RNA-binding motif protein 35A is a novel tumor suppressor for colorectal cancer.

The frequent occurrence of inactivating gene mutations in tumors suggests a tumor suppressor function of the mutated gene. The RNA binding motif protein 35A (RBM35A) is mutated in approximately 50% of analyzed primary colon tumors with microsatellite instability. The Tet-off regulated ectopic expression of RBM35A gene in RBM35A-null LS180 colon carcinoma cells inhibited anchorage-independent growth in vitro, suppressed tumorigenic potential in vivo and enhanced adhesiveness of these cancer cells.

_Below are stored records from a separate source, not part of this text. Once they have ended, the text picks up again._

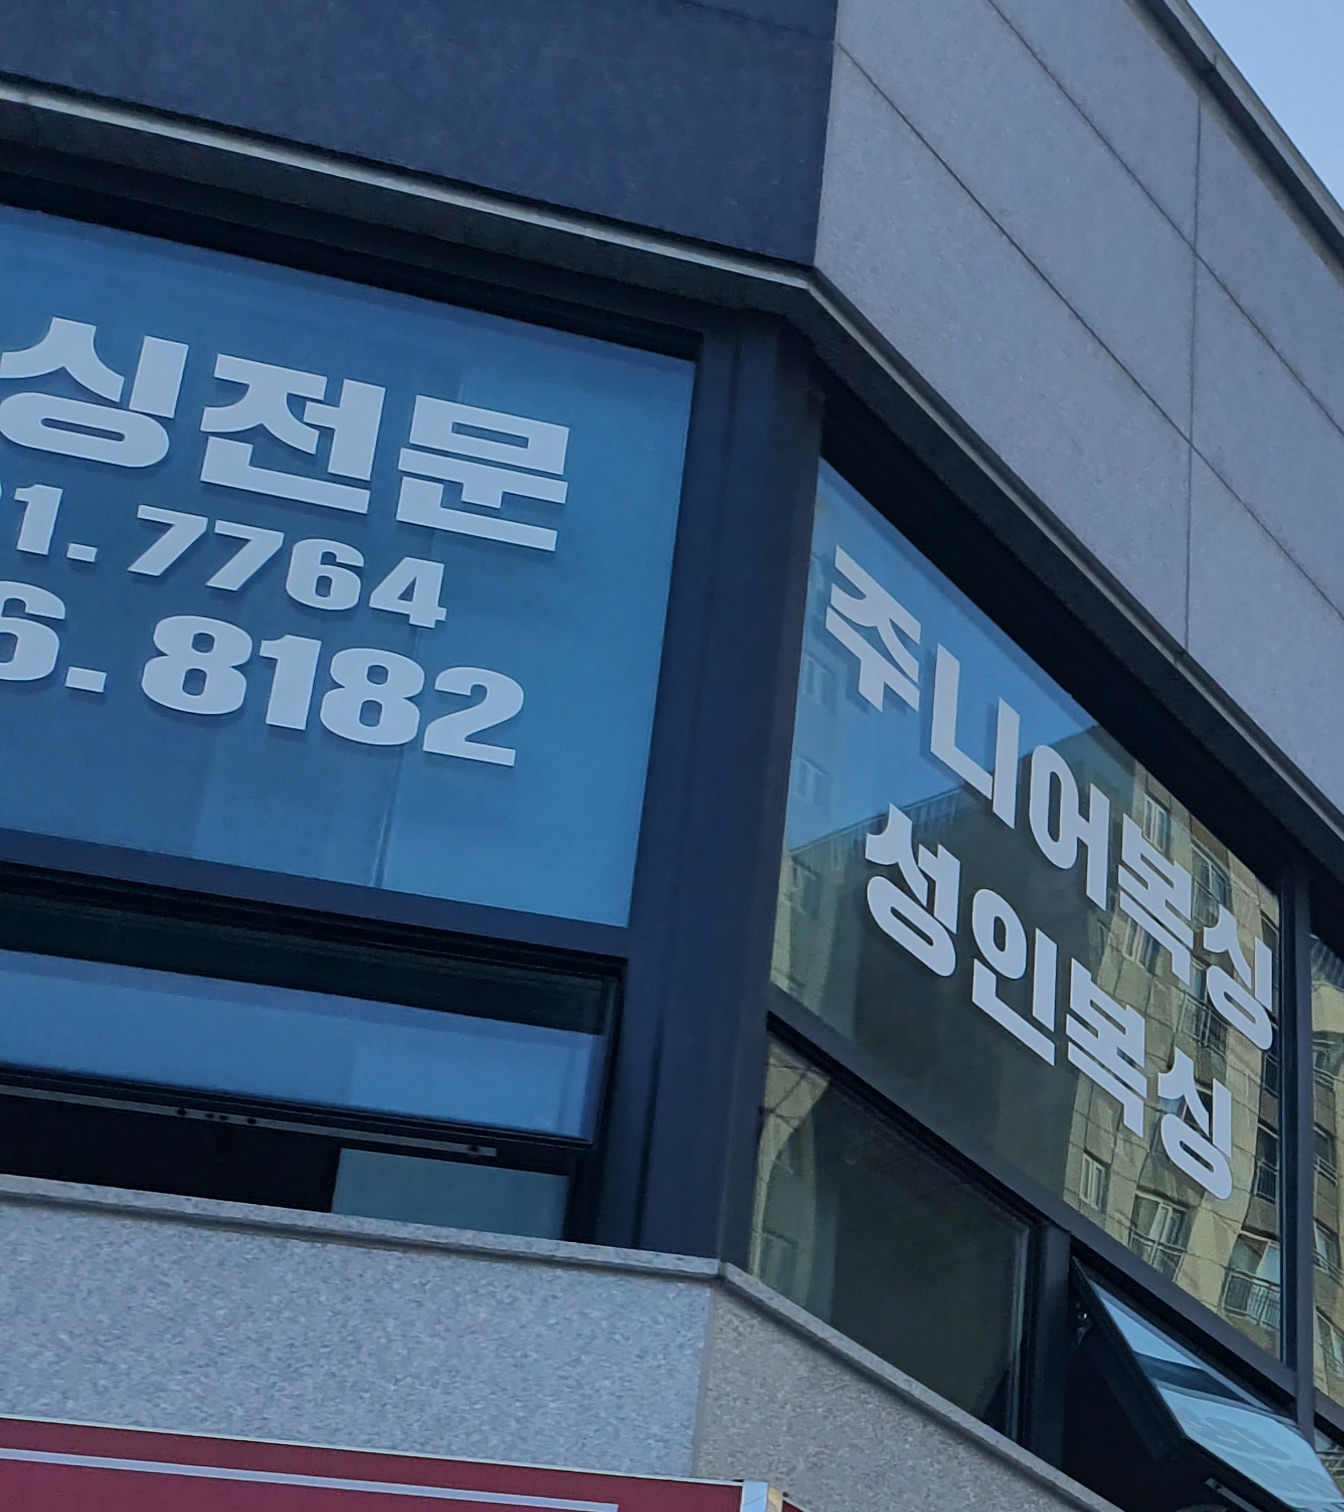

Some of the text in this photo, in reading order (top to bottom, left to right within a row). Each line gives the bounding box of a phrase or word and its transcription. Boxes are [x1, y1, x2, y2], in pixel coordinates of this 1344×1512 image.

[0, 317, 569, 552] 싱전문
[0, 483, 447, 628] 1.7764
[825, 545, 1274, 1052] 주니어복싱
[866, 803, 1234, 1200] 성인복싱
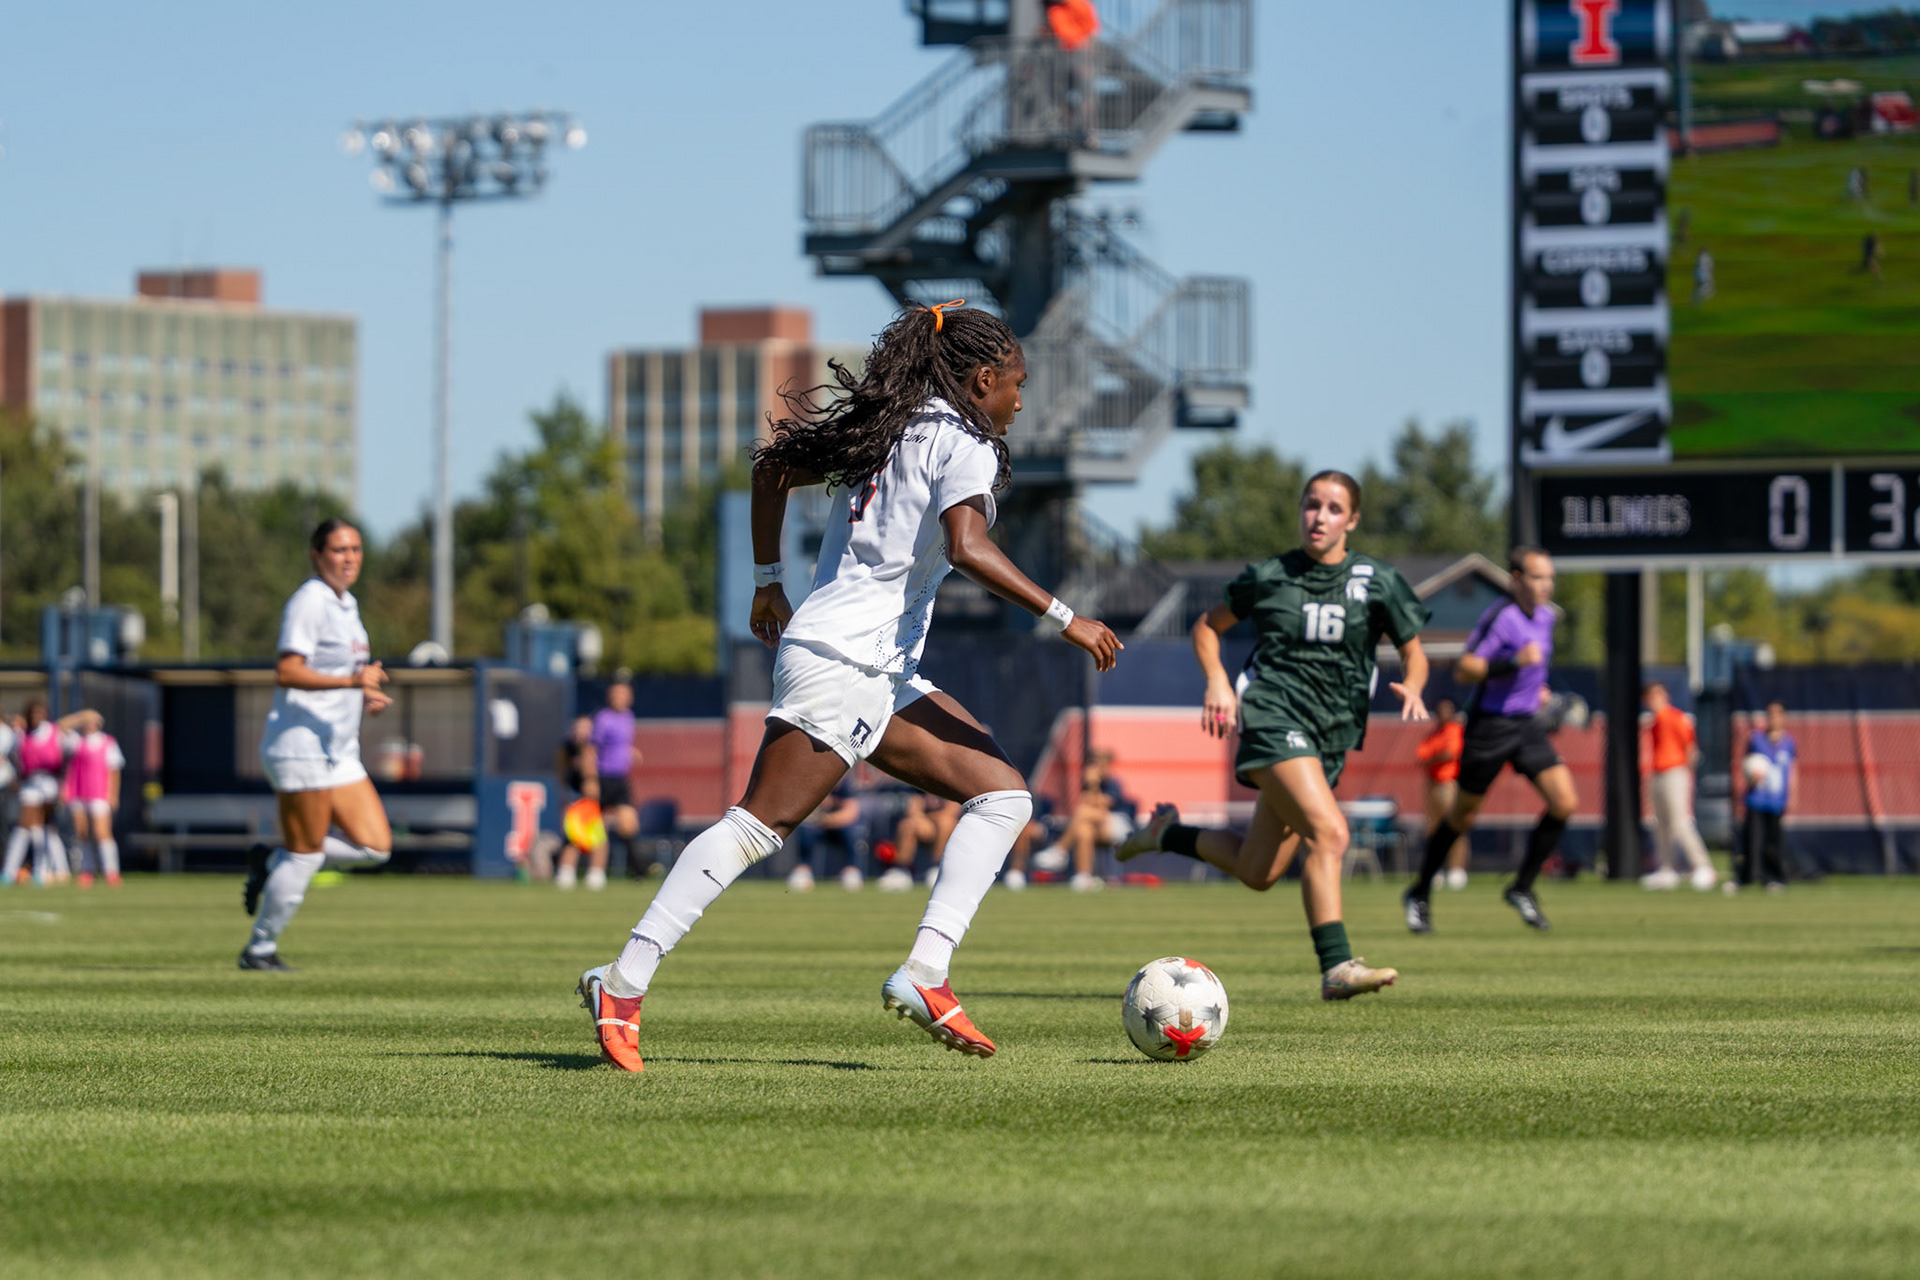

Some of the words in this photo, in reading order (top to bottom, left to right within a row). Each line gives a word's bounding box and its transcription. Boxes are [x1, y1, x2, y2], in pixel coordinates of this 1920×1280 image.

[1580, 106, 1611, 143] 0
[1580, 187, 1611, 225] 0
[1580, 268, 1611, 308] 0
[1580, 349, 1611, 388] 0
[1768, 475, 1810, 551] 0
[1869, 473, 1920, 550] 3
[1302, 602, 1346, 643] 16

Using microarray hybridization we found that in response to RBM35A expression a small fraction of genes showed a decrease in polysome-associated mRNA. Experiments using cell-free in vitro translation system demonstrated that RBM35A differentially affects translation of luciferase reporter mediated by various 5'untranslated regions (UTR). We found that Gibbs energy value (DeltaG) of secondary structure formed by 5'UTRs of mRNAs can account for differential effect of RBM35A on reporter translation efficiency. Targeted mutation in the FOS 5'UTR sequence, which increased the DeltaG value of hairpin stem formation, resulted in a stronger inhibitory effect of RBM35A on reporter translation efficiency mediated by this UTR. Immunoblotting revealed that ectopic expression of RBM35A in LS180 cells caused alterations in protein levels for several cancer related genes. Our results demonstrate for the first time that RBM35A functions as a tumor suppressor in colon cancer cells. We propose that RBM35A is involved in posttranscriptional regulation of a number of genes by exerting a differential effect on protein translation via 5'UTRs of mRNAs.